A starter of artichoke salad had fresh but rather flavourless artichokes with lemon juice and finely chopped herbs, topped with a pile of frisee lettuce and shaved Parmesan. This was harmless but rather dull (just about 12/20). Better was wild boar ragu with papardelle. The pasta had good texture and the ragu had fairly punchy flavour and was well seasoned (13/20).

Tagliolini of crab involved freshly made pasta, some tomatoes and a few finely chopped herbs. The white crab meat was fine but included a piece of shell, which was a pity. The pasta itself again had nice texture (13/20). For my main course I tried “black truffle risotto” (at £30). These truffles were from Umbria, and were the cheaper winter truffle (tuber brumale vittadini) rather than true black truffles (tuber melanosporum vittadini) though I will say that they had at least some fragrance when freshly grated, suggesting that these were good quality and reasonably fresh (truffles lose their flavour within days of leaving the ground) within their type. The risotto rice used was Arborio, and the texture was acceptable though not the very best (13/20). In my experience the very best risotto is made using carnaroli rice, and the best of all uses a particular brand called Acquerello, which is carnaroli that has been aged for a number of years. That is the rice you will encounter if you have risotto at somewhere like an Alain Ducasse restaurant.

Dessert was actually a notch up from the savoury courses. Lemon tart had good pastry and nicely balanced filling (14/20). Panna cotta of coffee was suitably wobbly and had plenty of coffee flavour, accompanied by good pisatchio ice cream (14/20). Coffee was from Drury tea and Coffee in Woolwich, and was good.

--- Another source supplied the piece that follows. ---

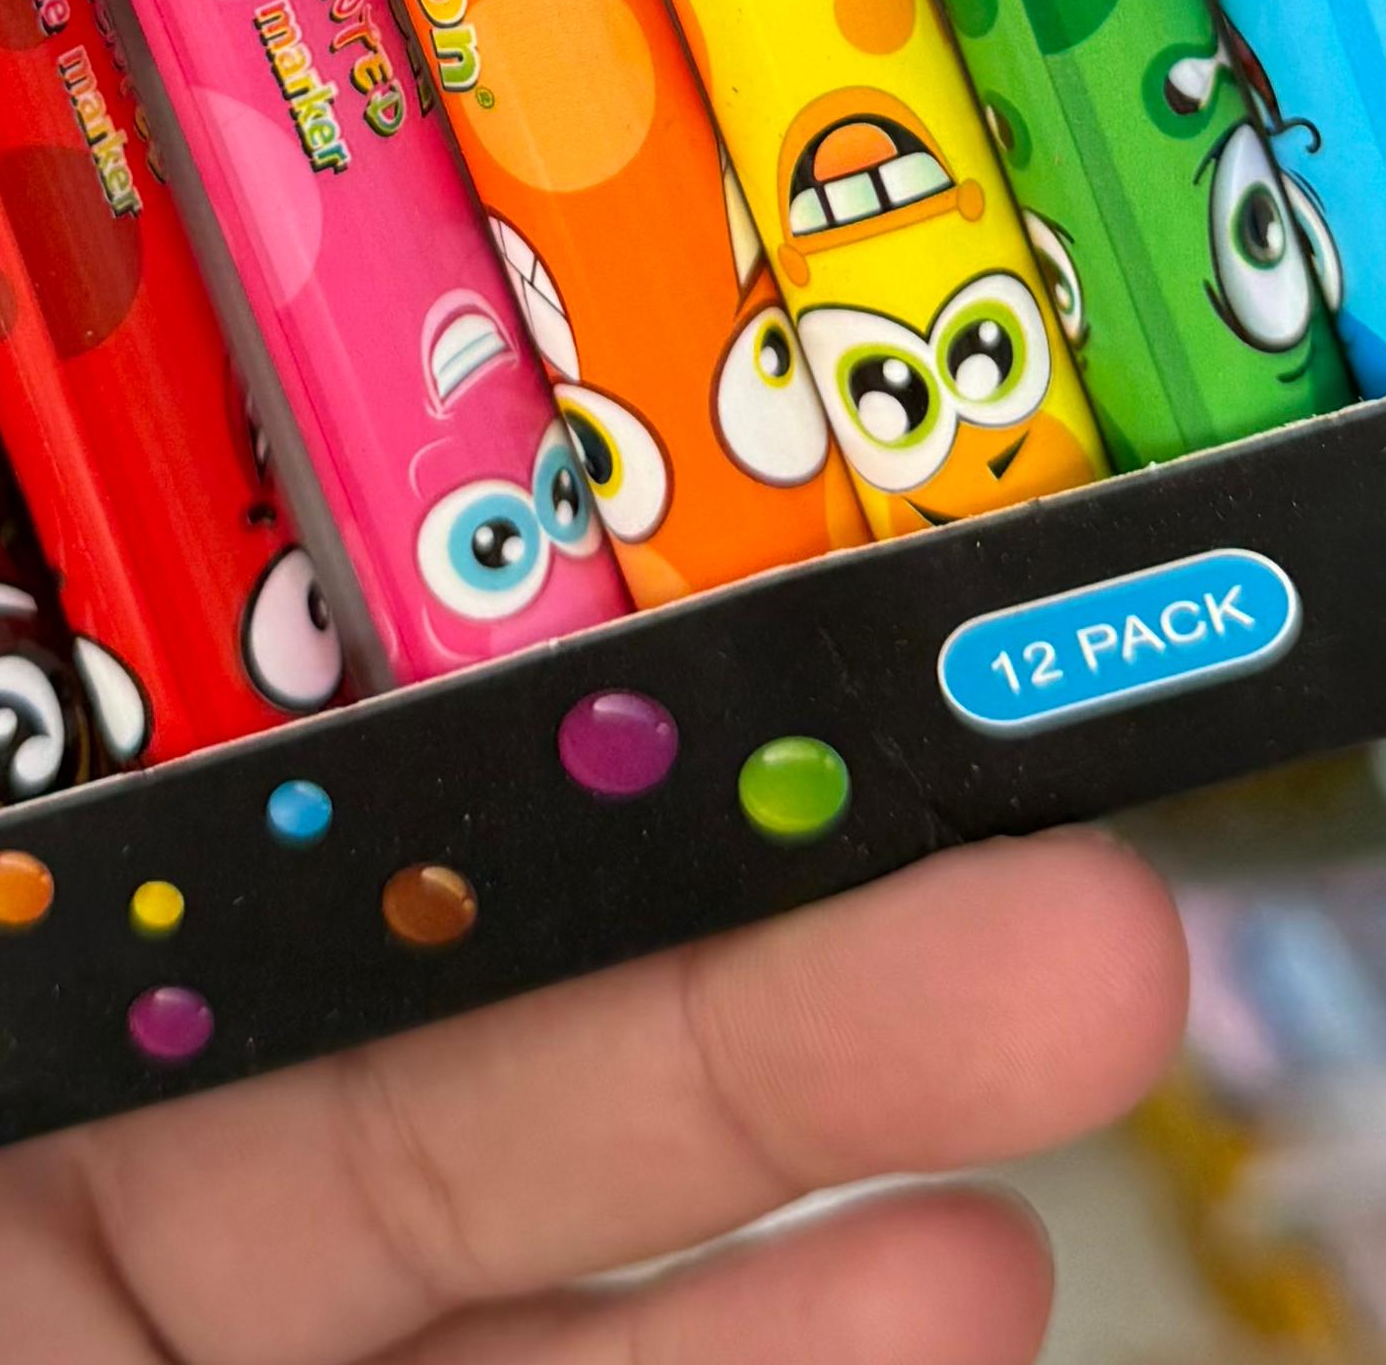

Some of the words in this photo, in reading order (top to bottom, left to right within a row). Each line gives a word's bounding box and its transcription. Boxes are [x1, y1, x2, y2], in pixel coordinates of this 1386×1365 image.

[58, 44, 143, 219] marker
[990, 640, 1064, 695] 12
[1076, 584, 1256, 673] PACK

Service was professional but remarkably sombre. We must have interacted with at least six members of staff from receptionist to manager, and I didn't detect a smile all evening from any of them except when customers left the restaurant; perhaps it had been a tough night. The bill came to £100 a head with a good but not excessive bottle of wine, though that did include the costly truffle risotto. If you ordered three courses and coffee and shared a moderate bottle of wine then the bill would come to about £60 each, which is quite a lot objectively, especially when you can eat quite nearby at the better l’Amorosa for less money.